Wow, it’s always nice to see a grand ethical question that can be answered so easily.
But is the pioneer way of life virtuous? I don’t think so. We have our own on-planet example of the American westward expansion, which was not at all about heroic, noble adventurers pushing back the foreskin of the wilderness. It was all about colonizers ripping up the environment, killing any people who stood in the way (at least we don’t have to worry about that in space), and suffering hellishly. I think you need to be a psychopath to want this way of life.
On this question, science-fiction scholar Gary Westfahl casts doubt on space travel’s inherent value. In his vast analyses of sci-fi, he has come to view the logic and drive of the enterprise as faulty. “I inevitably encountered the same argument: space travel represents humanity’s destiny,” he says of the impetus for writing his essay “The Case against Space.” Space explorers are often portrayed as braver and better than those who remain on their home planet: they’re the ones pushing civilization forward. “Philosophically, I objected to the proposition that explorers into unknown realms represented the best and brightest of humanity; that progress could be achieved only by boldly venturing into unknown territories,” Westfahl says. After all, a lot of smart and productive people (not to mention a lot of happy and stable people) don’t spend their lives on the lam. “Clearly, history demonstrates no correlation between travel and virtue,” he writes. “The history of our species powerfully suggests that progress will come from continued stable life on Earth, and that a vast new program of travel into space will lead to a new period of human stagnation,” he concludes ominously.

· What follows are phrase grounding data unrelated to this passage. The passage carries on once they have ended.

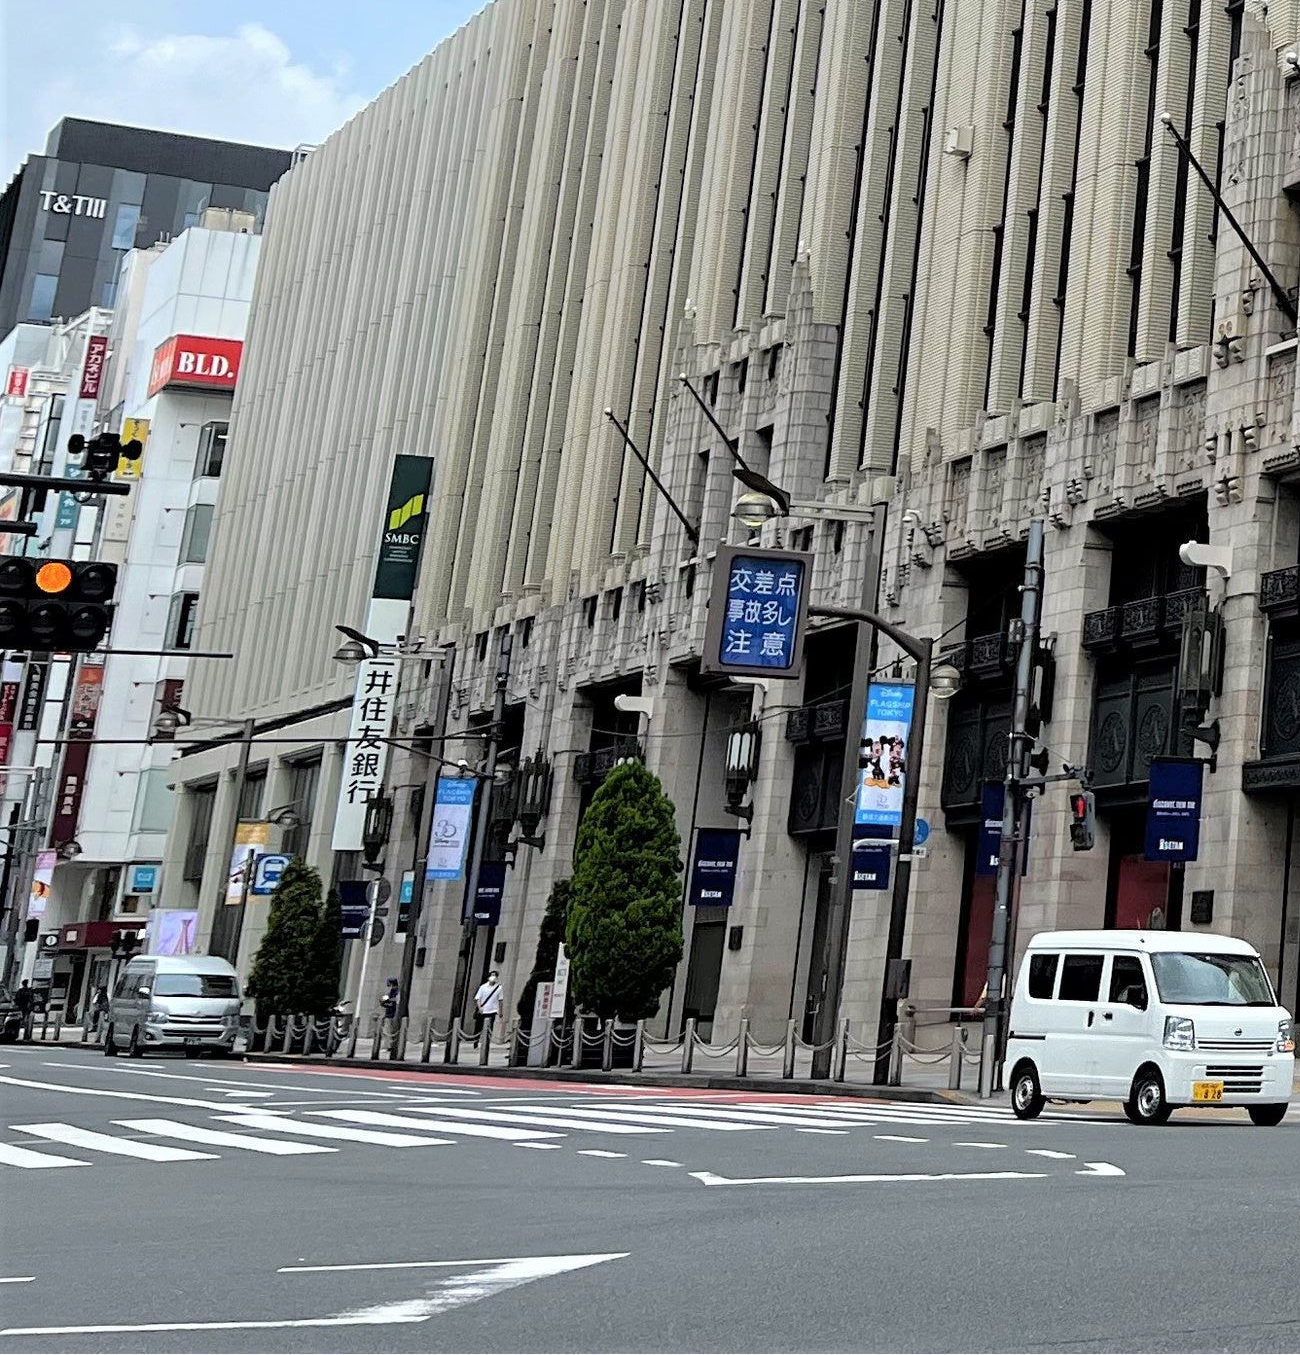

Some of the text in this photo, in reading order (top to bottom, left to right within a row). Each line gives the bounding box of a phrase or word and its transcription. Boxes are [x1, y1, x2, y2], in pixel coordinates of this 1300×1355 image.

[177, 351, 234, 379] BLD.
[384, 532, 420, 545] SMBC
[729, 567, 797, 597] 交差点
[727, 598, 792, 626] 事故多し
[725, 628, 786, 656] 注意
[347, 643, 396, 804] 三井住友銀行

The article also talks about the Biosphere studies, which is a cartoon version of space exploration. It’s on Earth, so no peculiar gravity regimes or bombardments by radiation, and they’re swimming in plentiful air and water, so all they’re really testing is the human psychological response to prolonged isolation. It messes people up.

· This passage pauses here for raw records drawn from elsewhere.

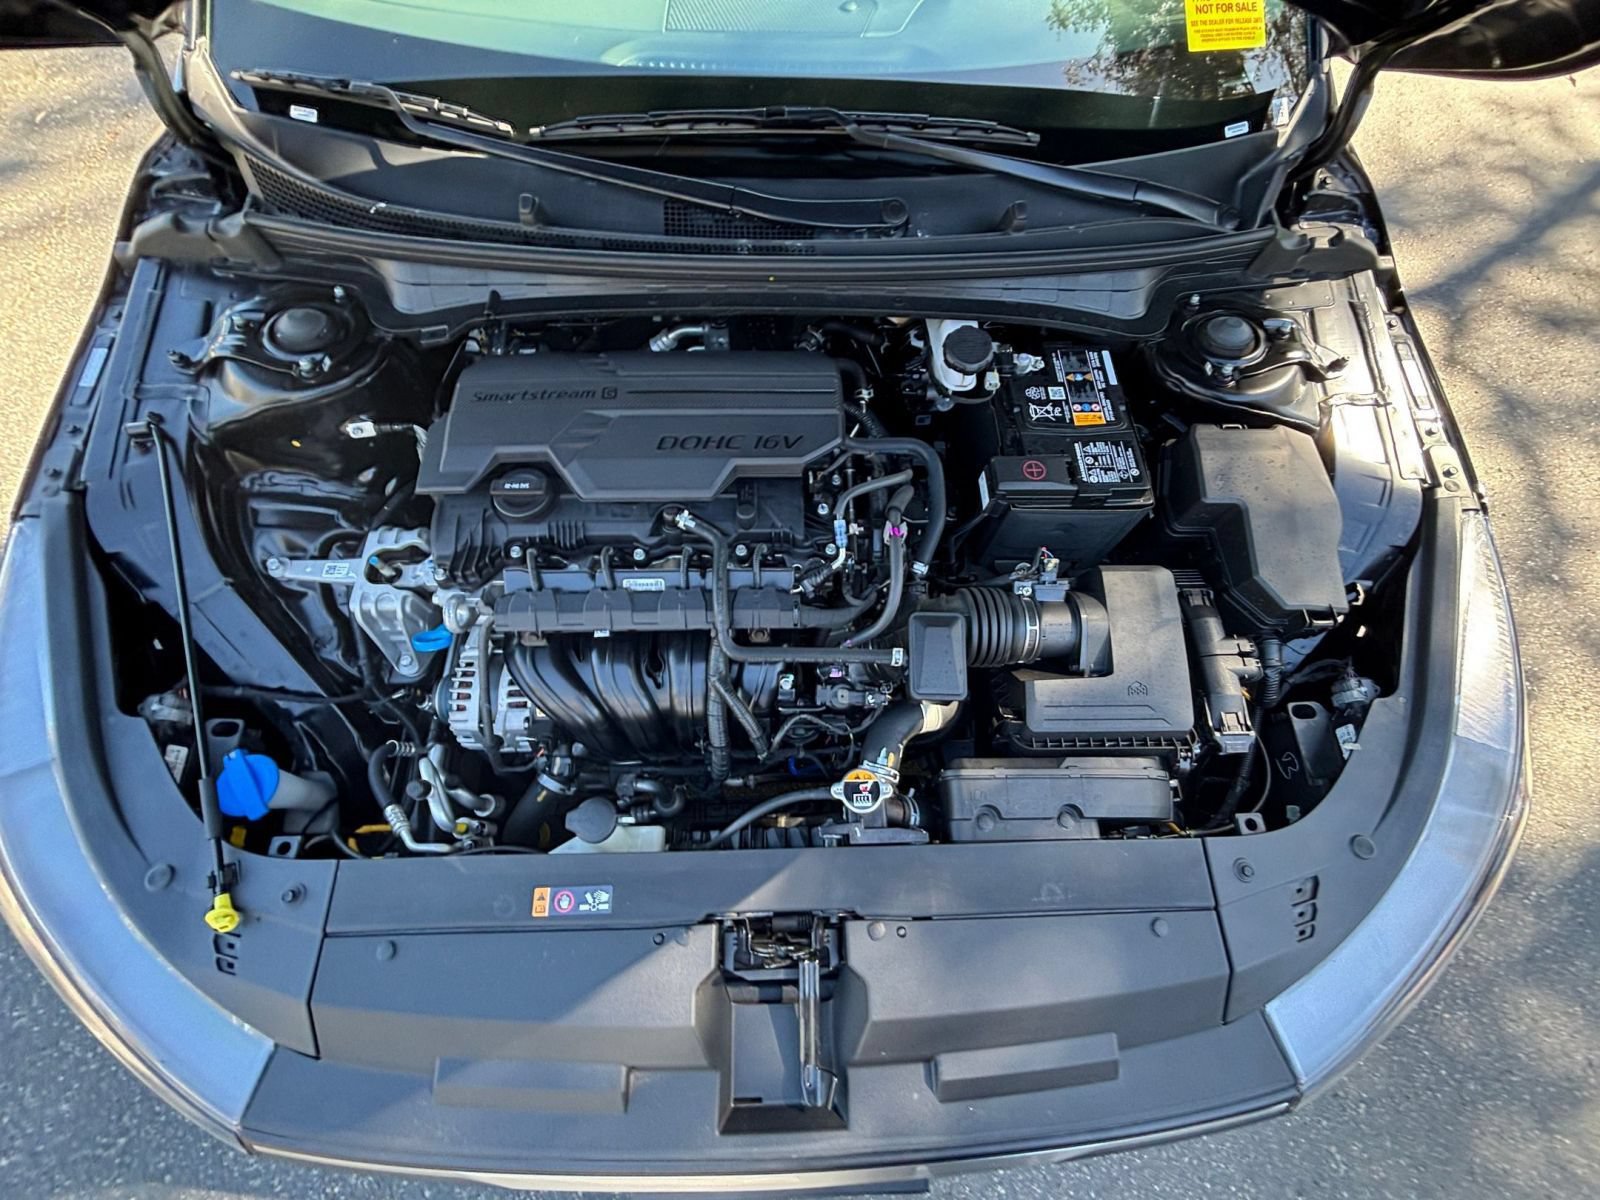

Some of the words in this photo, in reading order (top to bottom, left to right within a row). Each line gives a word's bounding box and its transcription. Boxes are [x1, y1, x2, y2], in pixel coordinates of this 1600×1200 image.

[1195, 4, 1213, 14] NOT
[1216, 3, 1233, 13] FOR
[1235, 2, 1257, 12] SALE
[472, 389, 597, 402] Smartstream
[656, 434, 746, 451] DOHC
[753, 434, 804, 450] 16V

Kowalski’s talk at the Analog Astronaut Conference at Biosphere 2 was called “Only Eight Months.” The goal of those eight months was to study the medical and psychological effects of isolation. She and her teammates regularly provided blood, feces and skin samples so researchers could learn about their stress levels, metabolic function and immunological changes. Researchers also had them take psychological tests, sussing out their perception of time, changes in cognitive abilities and shifts in interpersonal interactions. Inside they had to eat like astronauts would, guzzling tubes of Sicilian pizza gel and burger gel. Kowalski would squeeze them into rehydrated soup to make meals heartier. Via their greenhouse, they got about a bowl of salad between the six of them every three weeks.
Kowalski missed freedom and food and friends, of course. But the real struggle came with her return to the real world once the isolation was over: “reentry, not to the atmosphere but to the planet,” she told the conference audience. She didn’t remember how to go about having friends, hobbies or a job and had trouble dealing with requests coming from lots of sources instead of just mission control. In the Q&A period after the talk, Tara Sweeney, a geologist in the audience, thanked Kowalski for talking about that part of the experience. Sweeney had just returned from a long stay in Antarctica and also didn’t quite know how to reintegrate into life in a more hospitable place. They had both missed “Earth,” the real world. But it was hard to come back.
These effects were reported at a conference of space enthusiasts. You can guess how they responded.
Still, the Analog Astronaut Conference crowd remained optimistic. “Where do we go from here?” conference founder and actual astronaut Sian Proctor asked at one point. On cue, the audience members pointed upward and said, “To the moon!”
I think maybe the real psychopaths aren’t the extreme loners who go out into the dangerous frontier, but the well-off people who send them there.